Ethiopia malaria case study Flashcards Preview

Geography Exam 3 > Ethiopia malaria case study > Flashcards

Flashcards in Ethiopia malaria case study Deck (10)
Loading flashcards...
1
Q

Where is Ethiopia?

A

LIDC is sub-saharan africa - horn of africa

2
Q

What is malaria?

A

World’s deadliest disease, caused by plasmodium parasite, which is spread by the anopheles mosquito (vector)
Killed 584,000 worldwide in 2013 - mainly children under 5 years old

3
Q

What are the incidence and patterns of the disease in Ethiopia?

A

Endemic in 75% of Ethiopia’s land area - 2/3 of population at risk from the disease
70,000 killed by the disease every year
Not distributed evenly
Areas at highest risk are western lowlands in Tigray, Amhara and Gambella provinces
Transmission peaks in September to December, following the rainy season
In Eastern lowlands the arid climate confines the malaria to river valleys
The central highlands (around 1/4 of the country’s land area) are malaria-free

4
Q

What are the environmental causes of the disease?

A

Warm, humid tropical climates with stagnant surface water - ideal conditions for mosquitos to breed
Altitude strongly influences - temp drops 6.5°C per km (environmental lapse rate) - central higjlands, which exceed 2400m, are too cold for the mosquitos and parasite (which requires 21-28°C to develop)
Rainfall - Anopheles mosquitos breed in stagnant pools.

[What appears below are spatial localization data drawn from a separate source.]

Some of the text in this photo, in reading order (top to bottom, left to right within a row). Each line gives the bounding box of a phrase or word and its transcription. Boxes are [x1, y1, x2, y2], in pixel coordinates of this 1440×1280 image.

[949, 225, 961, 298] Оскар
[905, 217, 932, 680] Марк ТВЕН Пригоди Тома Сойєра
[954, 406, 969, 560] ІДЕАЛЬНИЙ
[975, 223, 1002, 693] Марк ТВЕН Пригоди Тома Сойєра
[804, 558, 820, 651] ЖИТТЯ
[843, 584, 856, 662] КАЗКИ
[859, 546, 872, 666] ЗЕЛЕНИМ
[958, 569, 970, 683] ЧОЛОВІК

Large amounts of precipitation lead to increased amounts of pooling in the tropical climate, allowing mosquitos to breed in large amounts and cause rapid spread of the disease. However, stagnant pools can be washed away by very heavy rainfall, slowing the spread of malaria by mosquito vectors
Disease is most prevalent just after the rainy season - september to december

5
Q

What are the human causes of the disease?

A

Population movements - agriculture in lowlands, people live in the highlands - many workers migrate during planting and harvesting season - coincides with rainy season - many workers sleep in fields overnight, when mosquitos are most active.
Irrigation schemes - in Awash valley and Gambella province - construction of canals, micro-dams, ponds, cultivation of rice have expanded breeding grounds for mosquitos.
Urbanisation - flooded excavations, garbage dumps, discarded containers provide lots of stagnant water and therefore ideal breeding conditions for the vectors
Malarial parasite becoming increasingly drug-resistant due to misuse of drugs

6
Q

What are the socio-economic impacts of malaria in Ethiopia?

A

Kills around 70,000 a year
5 million incidences annually
Leads to low work output, absenteeism, slow economic growth and poverty cycle - in sub-saharan Africa lost production of $12 billion due to malaria
Ethiopia spend 40% of their national health budget on malaria
Limited development in western lowlands as highlands get higher population densities - land degradation in highland areas - linked to famines in 1980s
Tourists are put off by the presence of malaria - less income through tourism

7
Q

What is the PMI? What is the GHI?

A

Presidents malaria initiative and Global Health Initiative
- scale up malaria prevention and treatment in sub-saharan Africa since 2005
- Ethiopia recieved grants of $20-43 million a year between 2008 and 2013
2011 Ethiopian government implemented a 5 year plan for malaria prevention and control, which operates in partnership with agencies including UNICEF, the World Bank and WHO.

8
Q

What are direct mitigation strategies used in Ethiopia?

A

Periodic spraying of dwellings with insecticides
Managing environment to destroy breeding sites (e.g. flushing away stagnant water
Genetic modification of mosquitos that will not carry malaria - gradually replacing parasite-carrying ones with GM ones - unethical?

9
Q

What are indirect mitigation strategies used?

A

Mass publicity campaigns to minimise potential mosquito breeding sites
Providing early diagnosis and treatment of malaria
Distributing insecticide treated bed nets to all households in infected areas
Distributing mosquito nets
Education schemes
ACTs - most effective antimalarials available today - currently no vaccine - only reduces risk of infection by 90% - still requires steps to avoid bites (e.g. nets)

10
Q

How successful have the strategies been?

A

Death rates from malaria halved between 2000 and 2010
No epidemics since 2003 (previously 8 year cycles of epidemics)
Between 1990-2015 cases of malaria reduced by nearly 80%, deaths by 95%, DALYs decreased by 92% (disability adjusted life years)
Overall very successful but more could be and is being done.